Todos os dias, pontualmente as três, ele parava a carruagem frente à estação de trem e esperava. Exatos dez minutos se passavam e o homem conhecido pelos amigos como Tomomasa colocava a cabeça para fora da janela e a via, tão precisa quanto ele, atravessando a rua em passos lentos, levando um ramalhete de flores meio murchas e um cesto coberto por um pano azul bordado.

Observá-la subir, tateando, as escadas da estação até o corredor das bilheterias, os objetos firmemente apertados nos braços, para pouco depois fazer o caminho de volta com olhos marejados e expressão cheia de tristeza era um fardo ao qual condenara a si mesmo nas últimas três semanas. Ainda não se recuperara completamente dos ferimentos herdados em batalha e ainda menos do choque que fora encontrar sua cidade natal transformada em pouco mais que um rascunho da bela metrópole que conhecera. Mesmo assim, insistia em cumprir aquele compromisso que era um bálsamo mais poderoso que os que indicavam os médicos. Vê-la era a comprovação de que nem tudo tinha sido perdido. Que o que realmente importava no passado permanecia vivo.

Assim como se tornara habitual, ela descia as escadas com mais pressa do que as subira pouco antes. Tomomasa apertou o punho contra o peito e sentiu um sobressalto ao ver algo diferente na cena. Lágrimas cascateavam pelas faces dela e, ao transpor o último degrau, perdeu o equilíbrio e caiu de joelhos no chão, derrubando as flores e quase descobrindo o cesto que conseguira segurar apenas no último instante. Sem pensar, o cavalheiro saltou da carruagem e, ignorando a dor afiada que tomava conta de sua perna esquerda ainda em processo de cura, correu de encontro à jovem, ajudando-a a levantar. Foi apenas quando olhos de ambos se encontraram que, com um estremecimento, ele se deu conta do que fizera por impulso.

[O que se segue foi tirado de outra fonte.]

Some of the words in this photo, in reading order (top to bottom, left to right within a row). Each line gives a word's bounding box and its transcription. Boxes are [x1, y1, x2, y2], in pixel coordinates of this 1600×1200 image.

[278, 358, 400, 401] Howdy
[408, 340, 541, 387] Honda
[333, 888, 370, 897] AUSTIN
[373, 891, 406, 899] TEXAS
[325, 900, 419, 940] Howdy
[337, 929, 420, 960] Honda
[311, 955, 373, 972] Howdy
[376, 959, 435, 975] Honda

- Muito obrigada – ela sorriu entre as lágrimas e agradeceu novamente quando o rapaz lhe devolveu as flores.

Levantaram-se juntos e Tomomasa a conduziu lentamente escada acima, de volta a estação. Ela parecia pálida e trêmula e, embora seus olhos estivessem secos agora, era visível que havia chorado. Acompanhou-a até um banco de madeira e a fez sentar-se, se demorando em pé a fitá-la. Eram os mesmos olhos castanhos, os mesmos cabelos compridos e os mesmos traços harmoniosos que estavam gravados em sua memória, mas ela tinha crescido em uma mulher bonita durante os anos em que estivera fora. Seu olhar havia mudado também, estava sempre dirigido para frente como se não pudesse enxergar – apesar de que ver apenas sombras, como Takamichi lhe explicara, apesar de seus protestos, não podia se chamar de enxergar.

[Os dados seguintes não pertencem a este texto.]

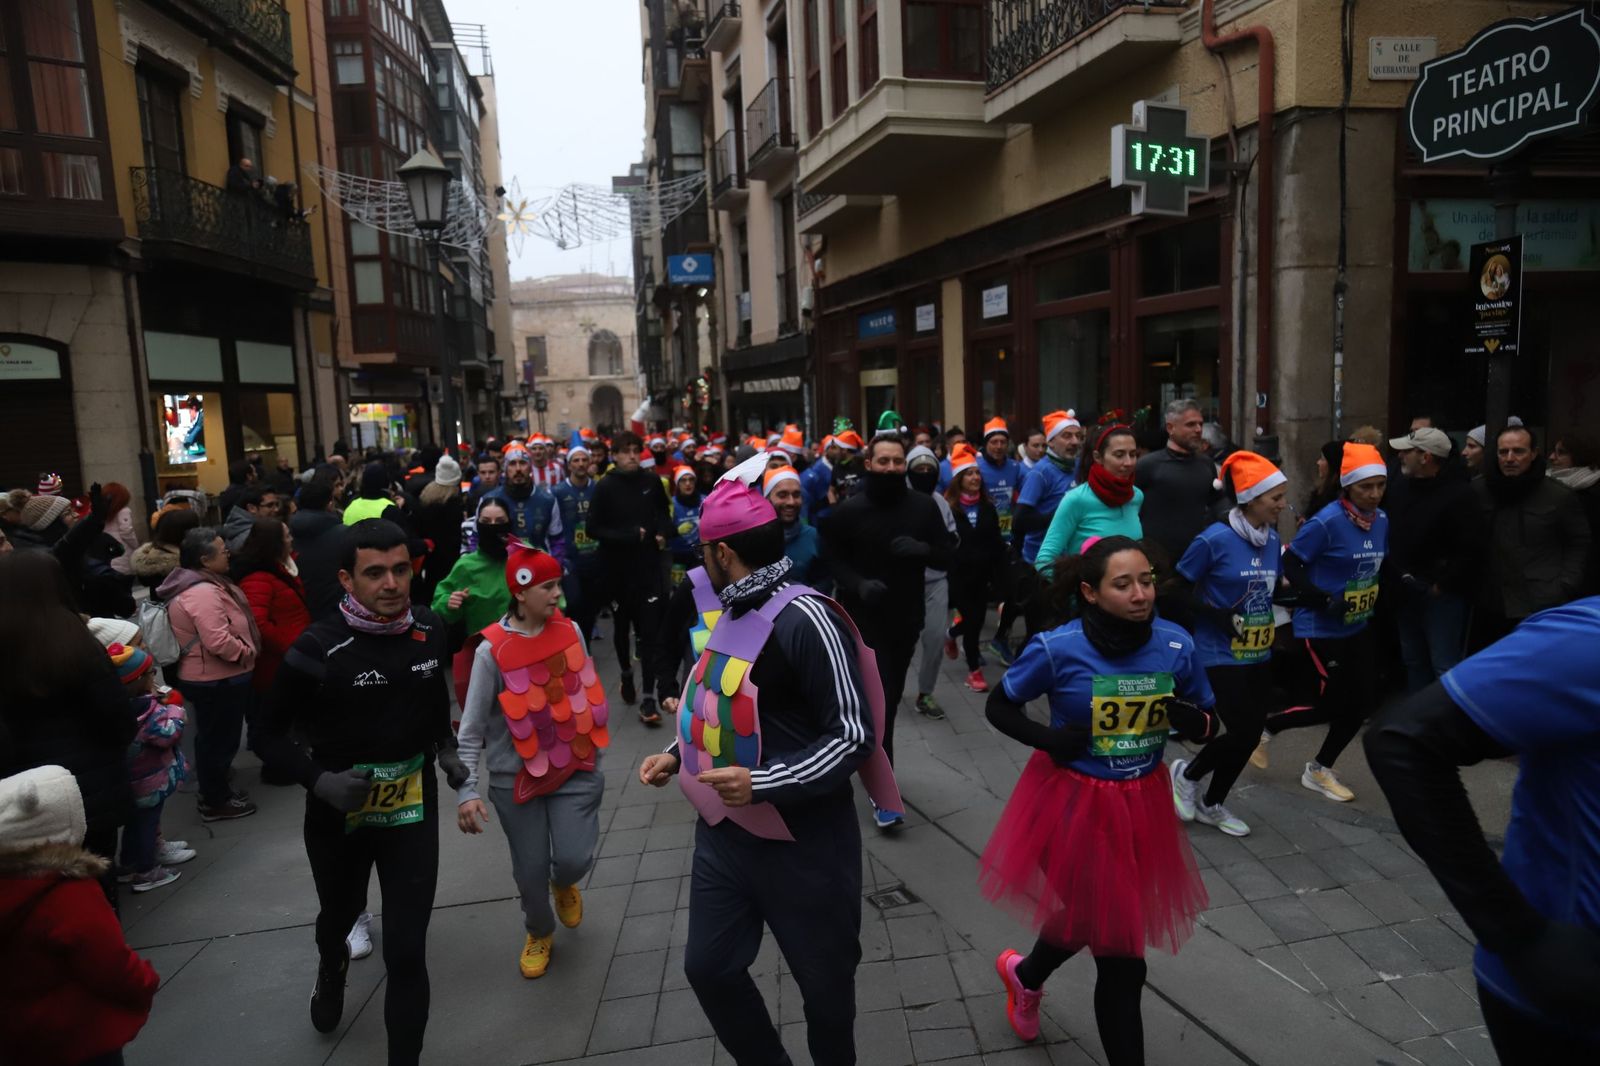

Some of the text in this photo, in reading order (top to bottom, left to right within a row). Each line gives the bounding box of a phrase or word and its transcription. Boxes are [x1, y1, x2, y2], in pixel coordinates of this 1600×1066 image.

[1393, 43, 1421, 52] CALLE
[1398, 55, 1410, 63] DE
[1373, 66, 1419, 75] QUEBRANTAHU
[1448, 44, 1551, 99] TEATRO
[1432, 82, 1569, 142] PRINCIPAL
[1131, 142, 1196, 176] 17:31
[1452, 211, 1468, 224] Un
[1527, 208, 1540, 224] la
[1542, 208, 1578, 224] salud
[517, 512, 526, 528] 5
[1363, 539, 1373, 549] 46
[1251, 557, 1262, 567] 46
[1346, 591, 1375, 613] 556
[1237, 628, 1271, 647] 413
[411, 659, 439, 672] acquire
[1117, 677, 1156, 686] FUNDACIÓN
[1099, 698, 1166, 731] 376
[1116, 735, 1163, 750] CAJA RURAL
[370, 778, 409, 808] 124
[366, 809, 419, 823] CAJA RURAL

Sentiu o impulso de deixá-la ali e voltar para a segurança do transporte que o esperava, mas suas pernas não obedeceram. Queria ouvir o som da voz dela, ainda que as palavras lhe partissem o coração. Tinham sido muitos anos, ela era apenas uma criança naquela época e quem sabe de quantos jovens condenados ao alistamento ela ouvira promessas de um futuro. Quem sabe qual deles pronunciou as palavras que ela levava no coração.

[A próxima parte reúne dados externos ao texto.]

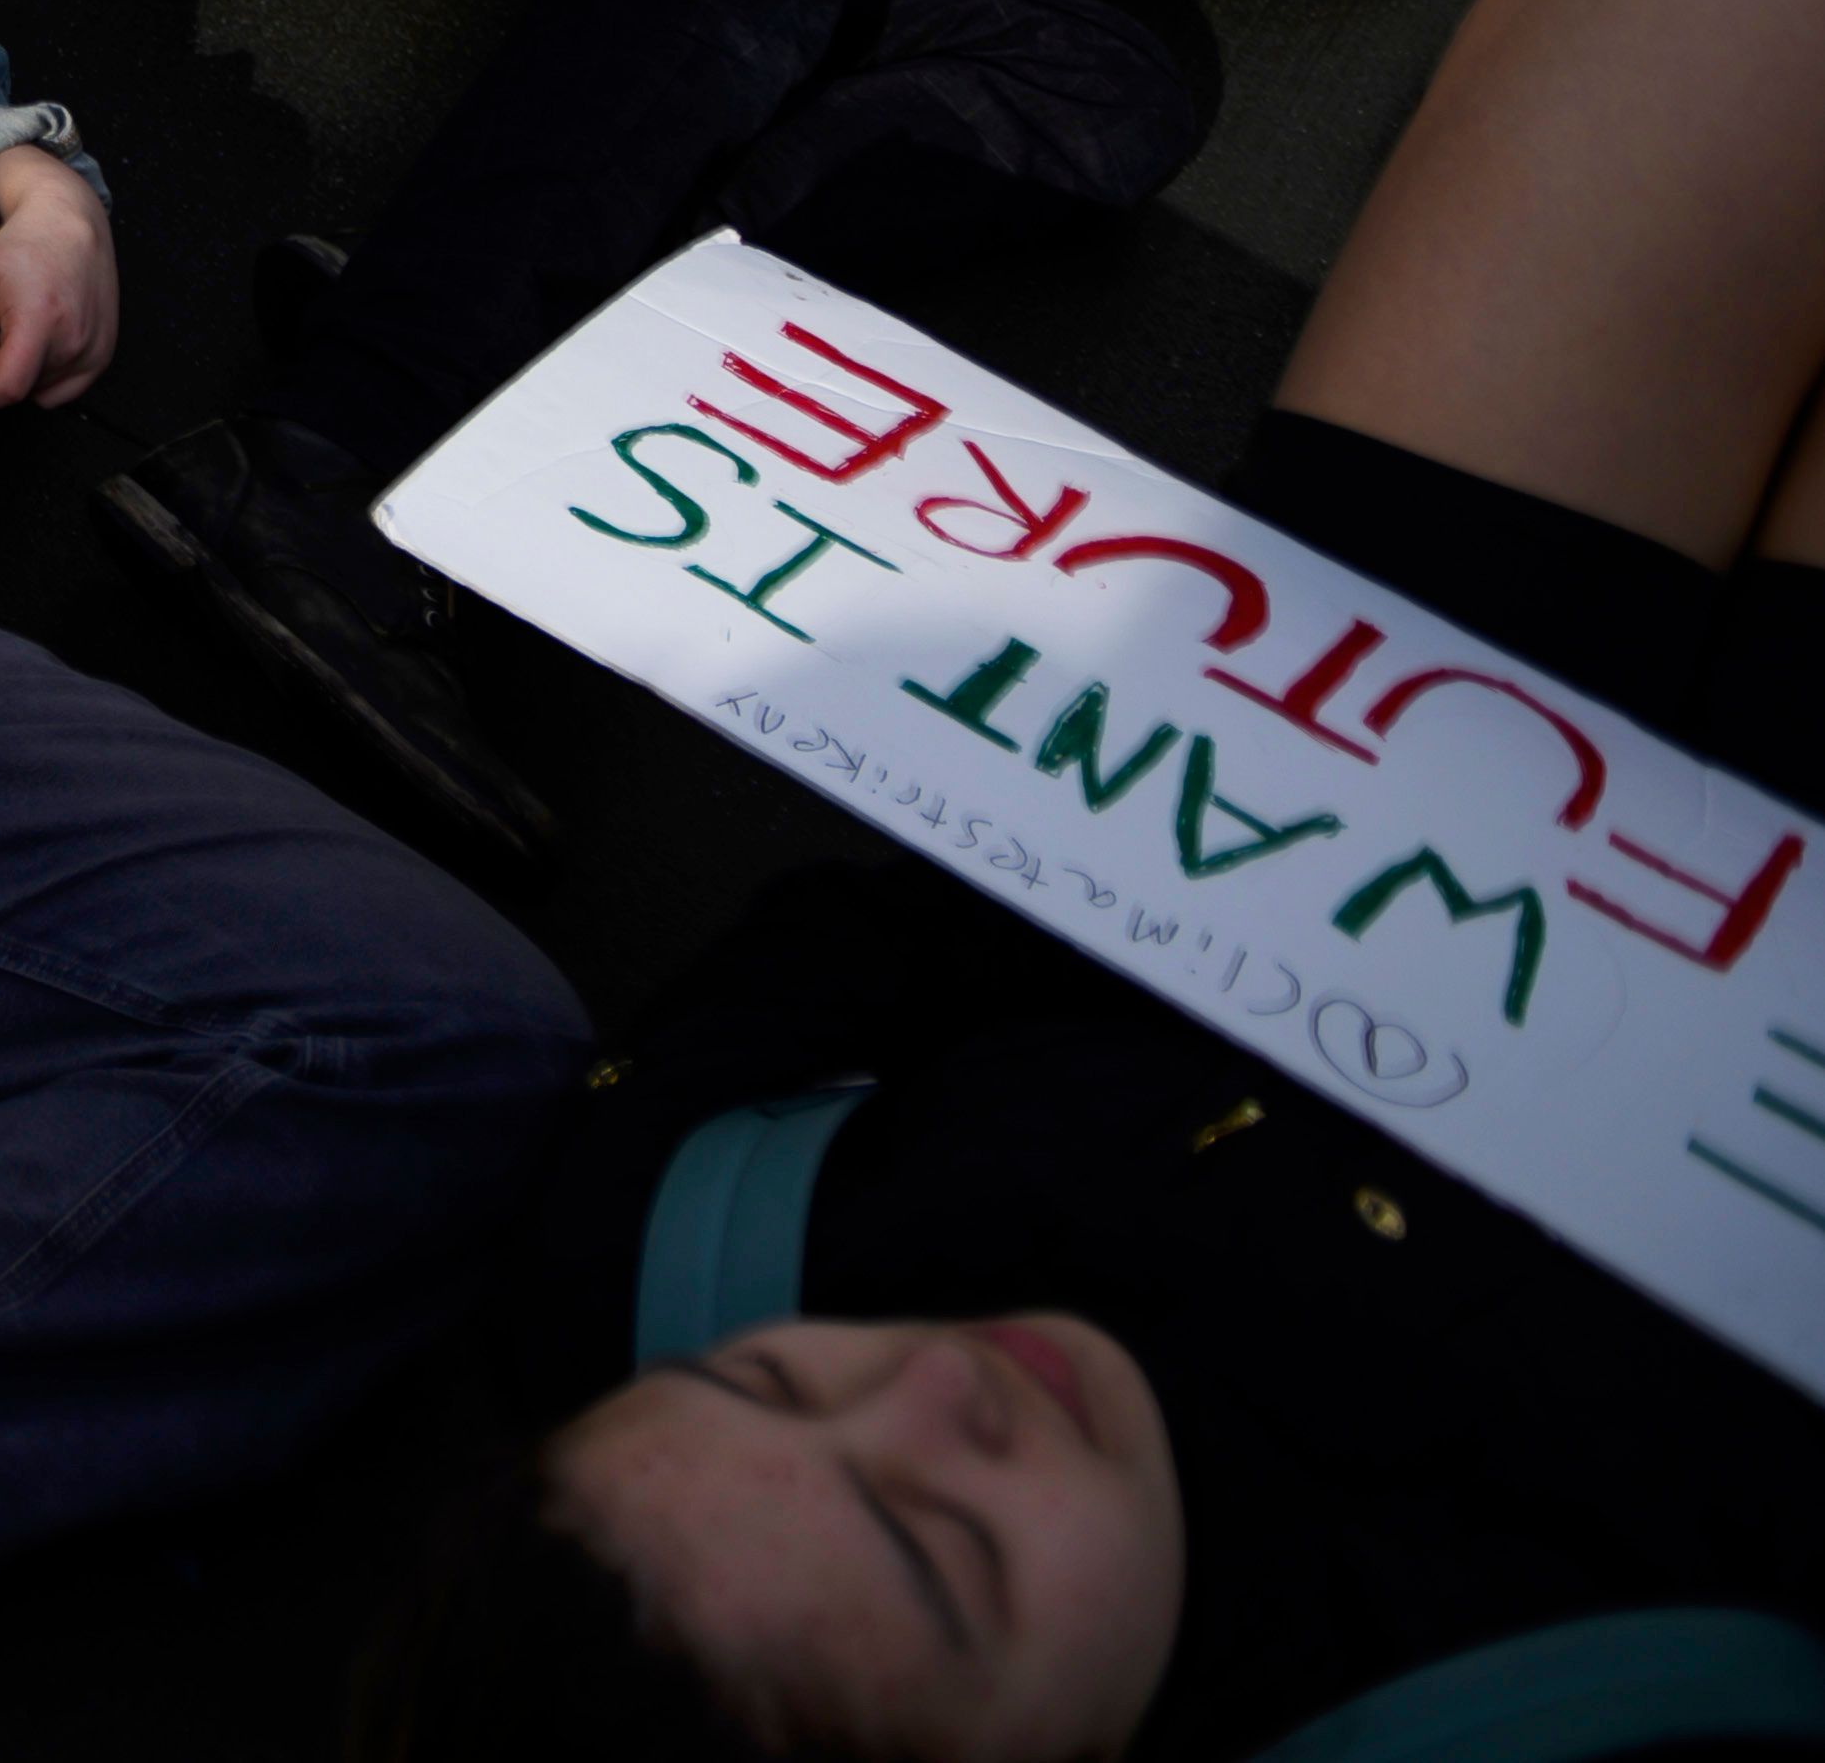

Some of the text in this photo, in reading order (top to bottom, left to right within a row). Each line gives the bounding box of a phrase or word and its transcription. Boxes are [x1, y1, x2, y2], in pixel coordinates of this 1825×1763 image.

- Eu sinto muito se o incomodei – a garota abaixou a cabeça e sorriu tristemente. Tomomasa, relutantemente, ergueu-lhe o queixo com a ponta dos dedos e deu um apertão suave na mão que ainda segurava a cesta como se tivesse medo de que ela desaparecesse. Ela não o reconheceria pela visão, mas certamente o faria se ouvisse sua voz, então permaneceu em silêncio.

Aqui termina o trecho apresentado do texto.